We see it in the headlines every day. Around the world, refugees flow across borders in flight from brutal conflict. Financial disruptions continue to weigh upon our workers and entire communities. Across vast swaths of the Middle East, basic security, basic order has broken down. … [Yada yada] … Powerful nations contest the constraints placed on them by international law.

This is the paradox that defines our world today. A quarter century after the end of the Cold War, the world is by many measures less violent and more prosperous than ever before, and yet our societies are filled with uncertainty, and unease, and strife.
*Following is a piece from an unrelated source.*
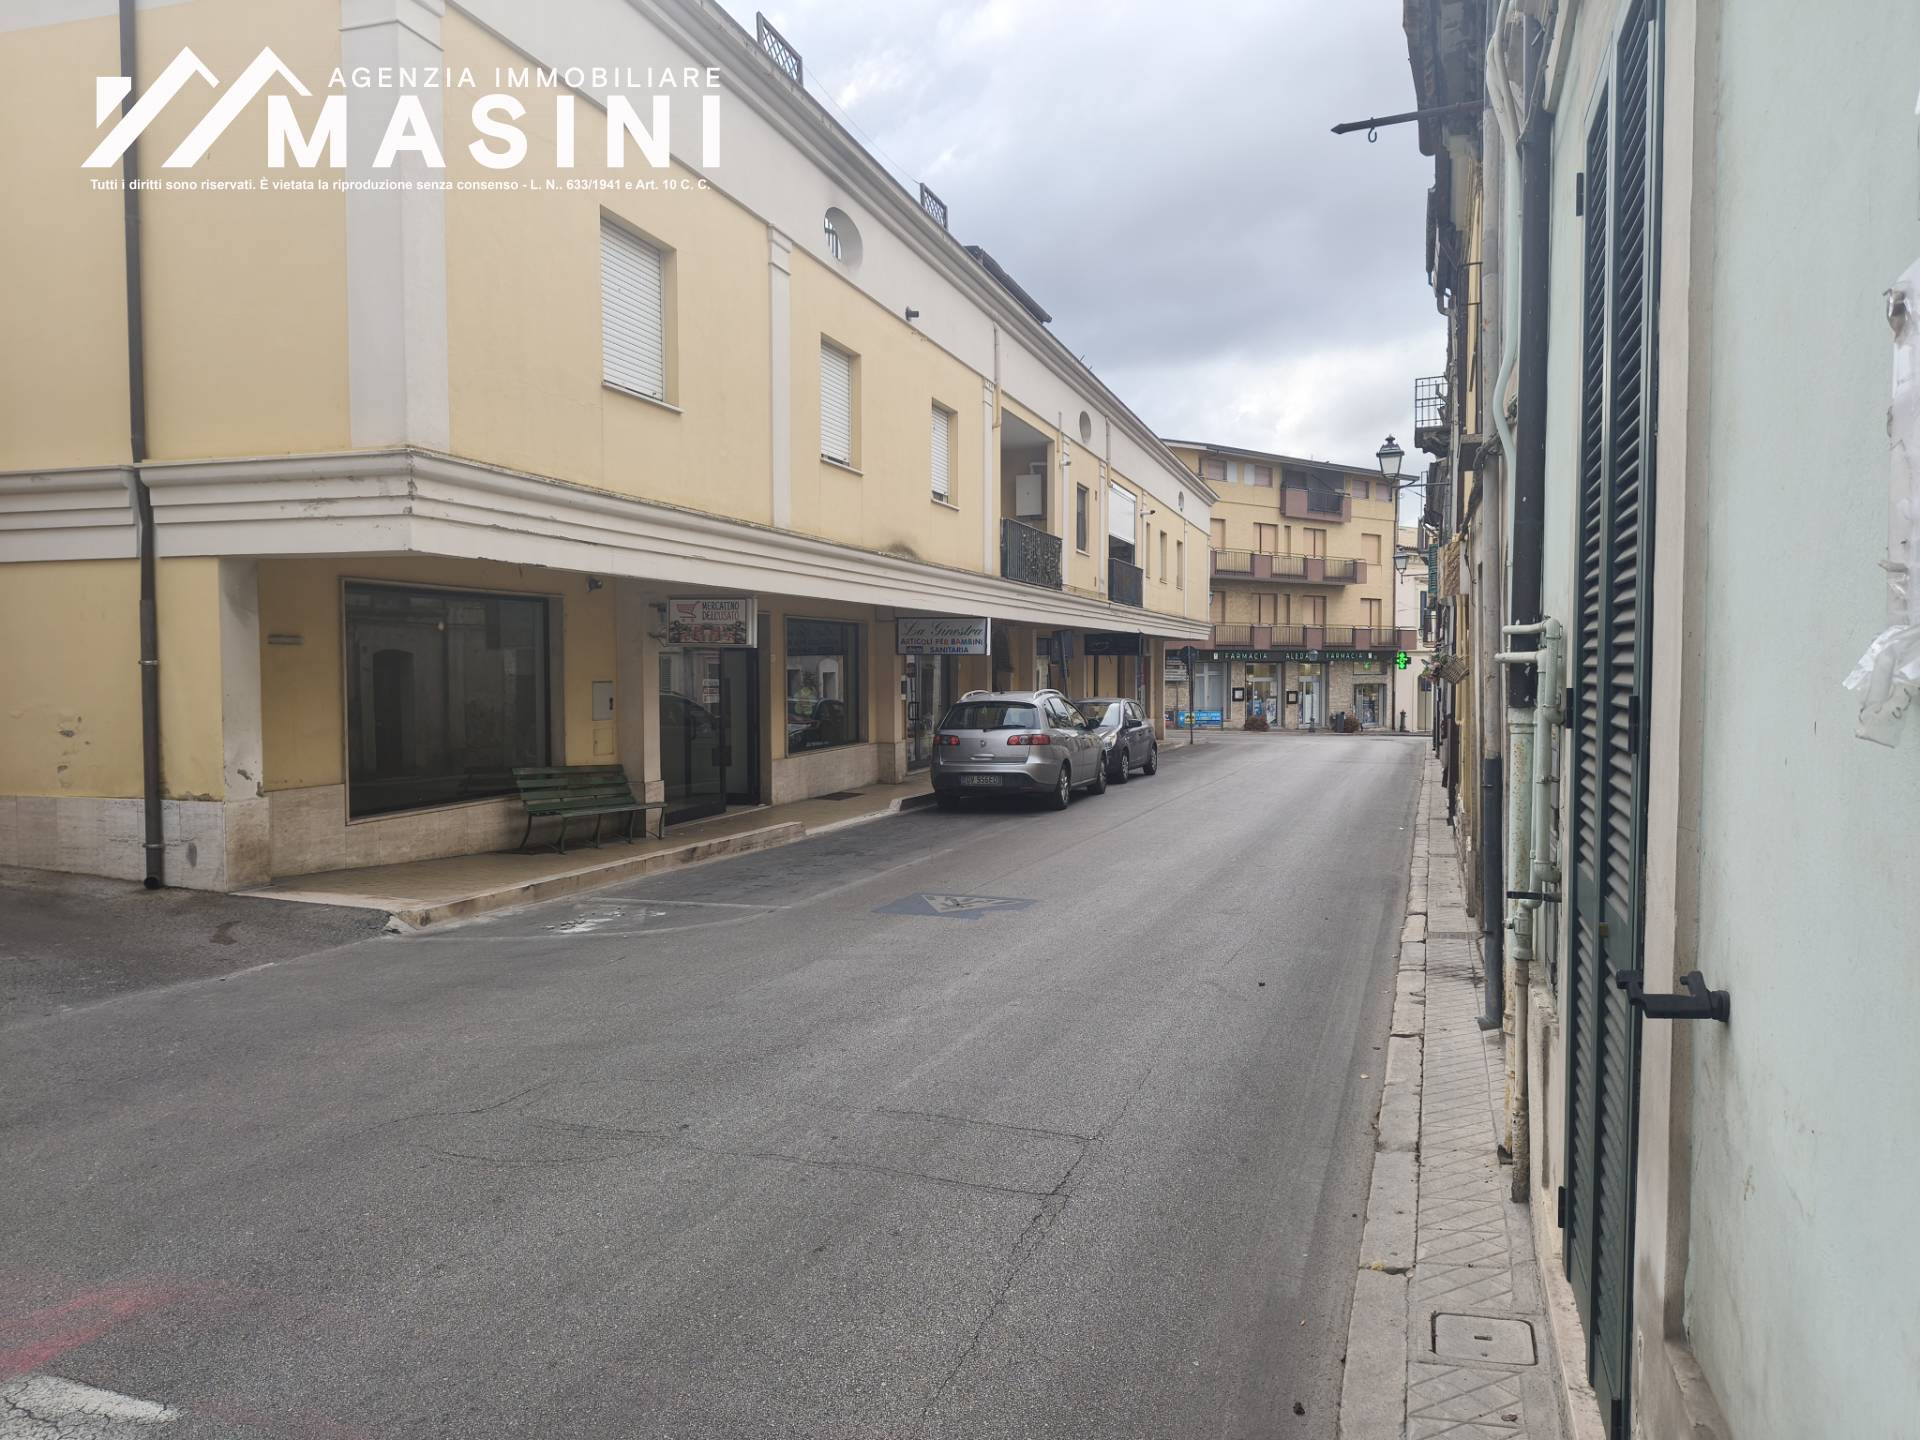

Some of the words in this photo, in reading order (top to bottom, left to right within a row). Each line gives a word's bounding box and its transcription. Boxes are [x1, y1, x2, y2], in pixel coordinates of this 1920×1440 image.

Despite enormous progress, as people lose trust in institutions, governing becomes more difficult and tensions between nations become more quick to surface.

[The implication here is that the world is getting better because of transnational cooperation, but that that progress is being blocked by “powerful nations contesting the constraints placed on them by international law.”  There is little if any evidence to support this thesis.  But it’s very important to recognize that this is his thesis:  Obama blames national sovereignty itself for making “our societies” uncertain, uneasy, and filled with strife.]

And so I believe that at this moment we all face a choice. We can choose to press forward with a better model of cooperation and integration. Or we can retreat into a world sharply divided, and ultimately in conflict, along age-old lines of nation and tribe and race and religion.

I want to suggest to you today that we must go forward, and not backward.

[Note that Obama lists nationhood as a divisive factor similar to “tribe, race, and religion.”]

[…]

Indeed, our international order has been so successful that we take it as a given that great powers no longer fight world wars; that the end of the Cold War lifted the shadow of nuclear Armageddon; that the battlefields of Europe have been replaced by peaceful union; that China and India remain on a path of remarkable growth. …

In order to move forward…we do have to acknowledge that the existing path to global integration requires a course correction. …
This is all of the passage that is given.